• EXTRACTED ENTRIES:
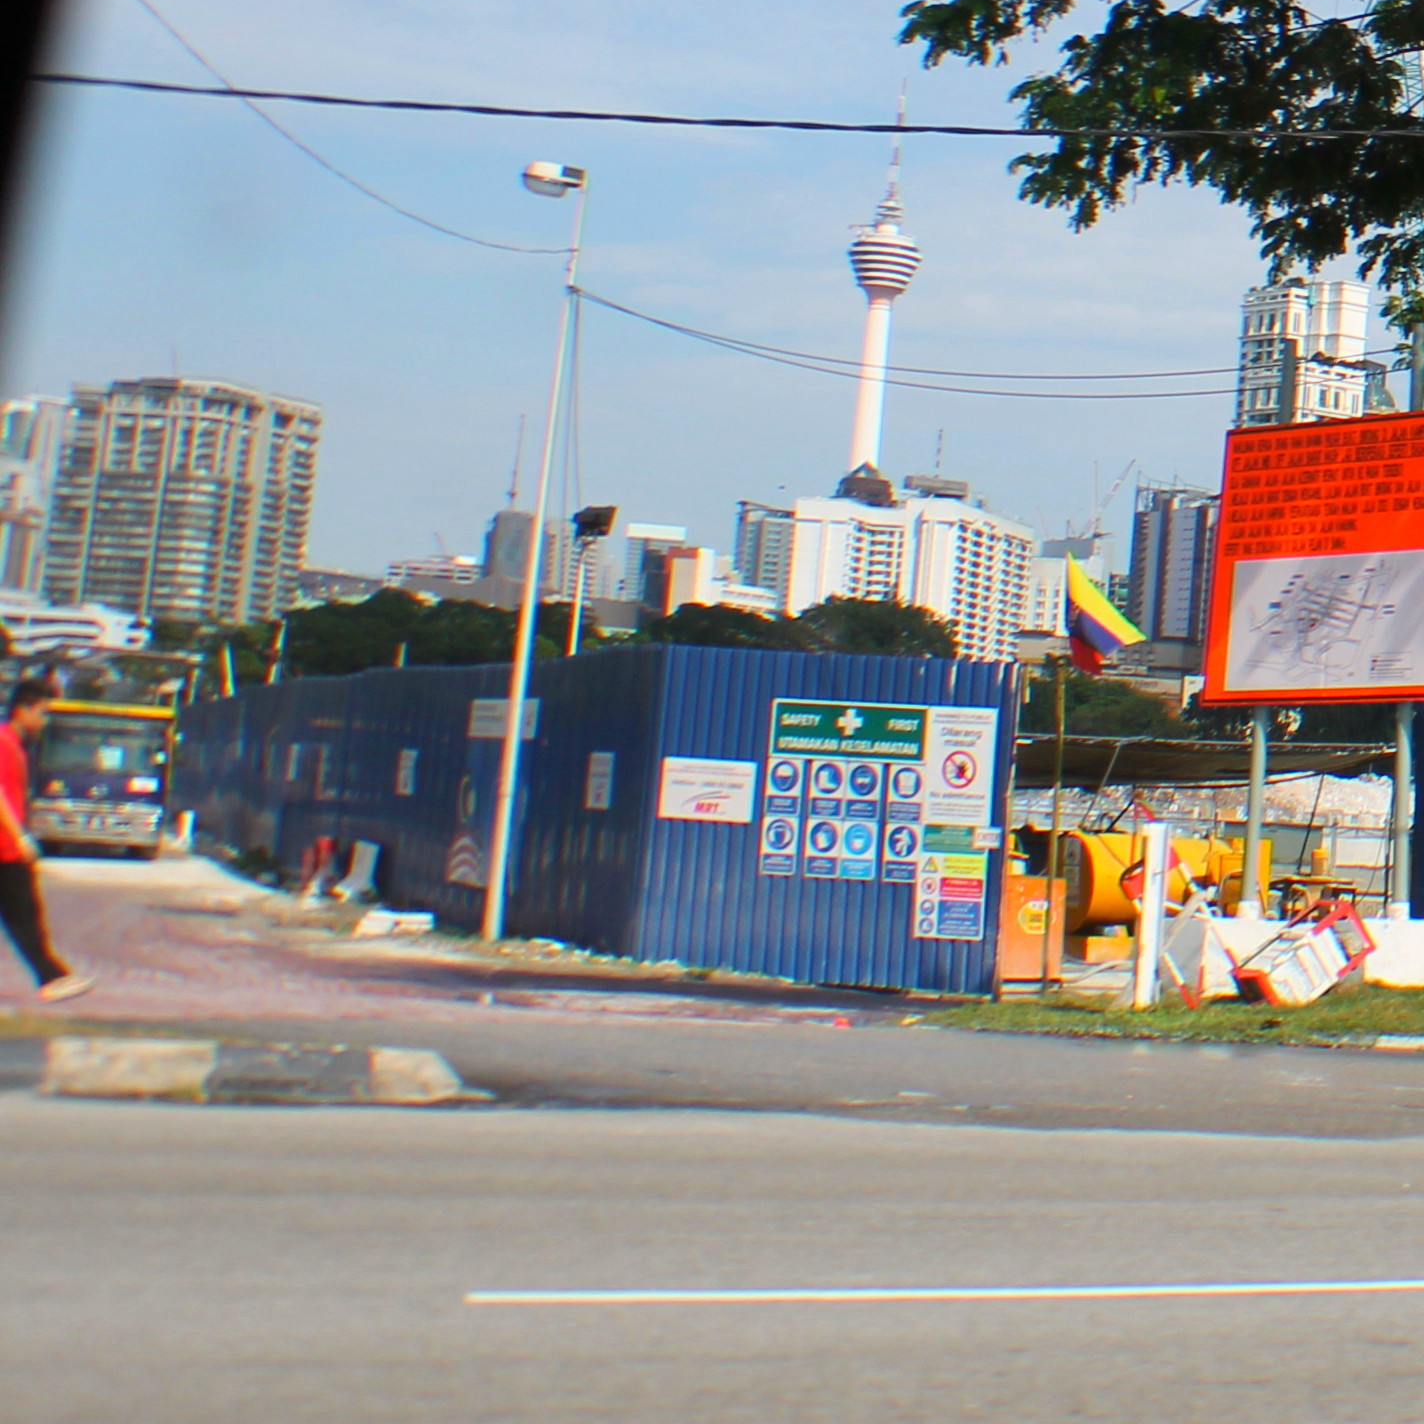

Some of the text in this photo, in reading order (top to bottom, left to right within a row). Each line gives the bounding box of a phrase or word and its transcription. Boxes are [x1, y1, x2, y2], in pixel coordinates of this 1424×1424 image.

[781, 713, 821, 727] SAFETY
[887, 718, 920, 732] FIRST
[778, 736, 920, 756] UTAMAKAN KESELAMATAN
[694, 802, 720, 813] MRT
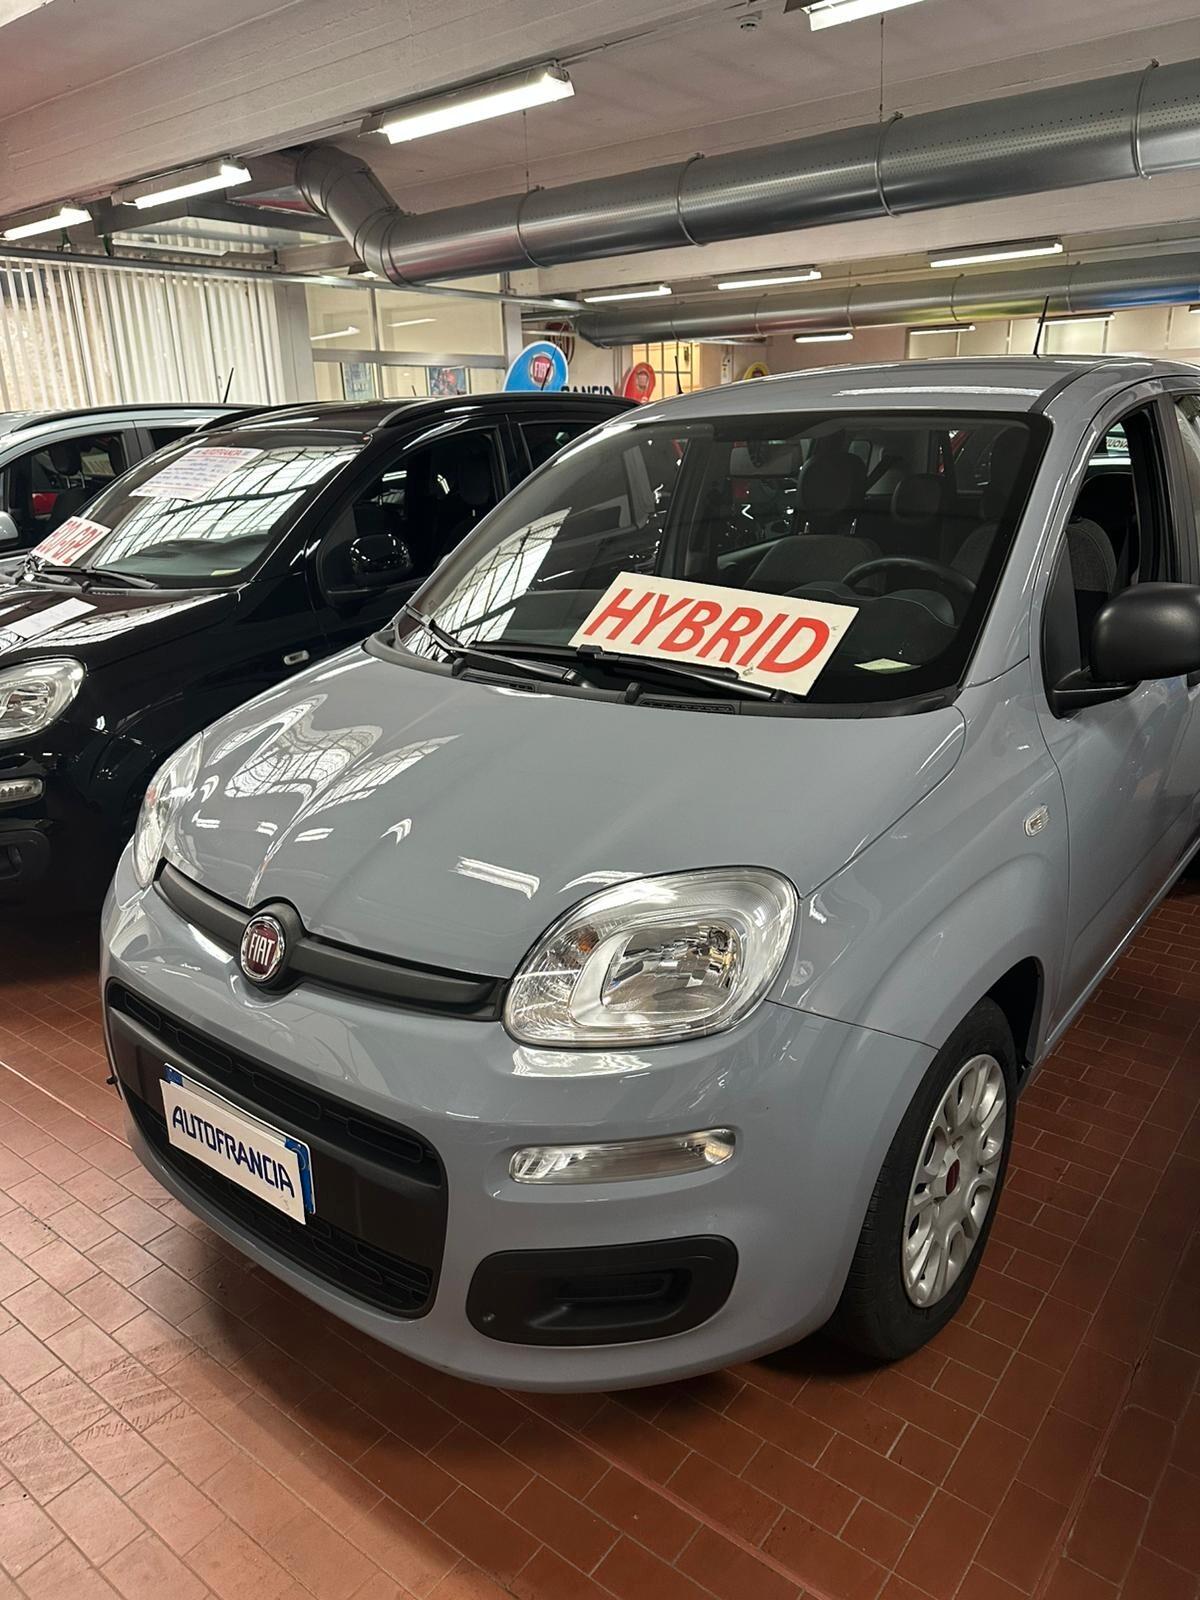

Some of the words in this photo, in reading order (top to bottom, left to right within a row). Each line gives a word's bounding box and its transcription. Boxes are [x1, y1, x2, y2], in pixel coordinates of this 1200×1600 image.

• YOUR GOAL: If a record holds a picture, leave the picture out and transcribe everything else exactly.

• EXERCISE ANSWER:
Some of the text in this photo, in reading order (top to bottom, left to right within a row). Each line gives the bounding box of a phrase or word and its transcription. Boxes are [x1, y1, x2, y2], in pixel coordinates of this 1424×1424 image.

[781, 713, 821, 727] SAFETY
[887, 718, 920, 732] FIRST
[778, 736, 920, 756] UTAMAKAN KESELAMATAN
[694, 802, 720, 813] MRT

Some of the words in this photo, in reading order (top to bottom, left to right within a row). Each line gives a word's bounding box and its transcription. Boxes are [x1, y1, x2, y2], in pixel coordinates of this 1200×1600 image.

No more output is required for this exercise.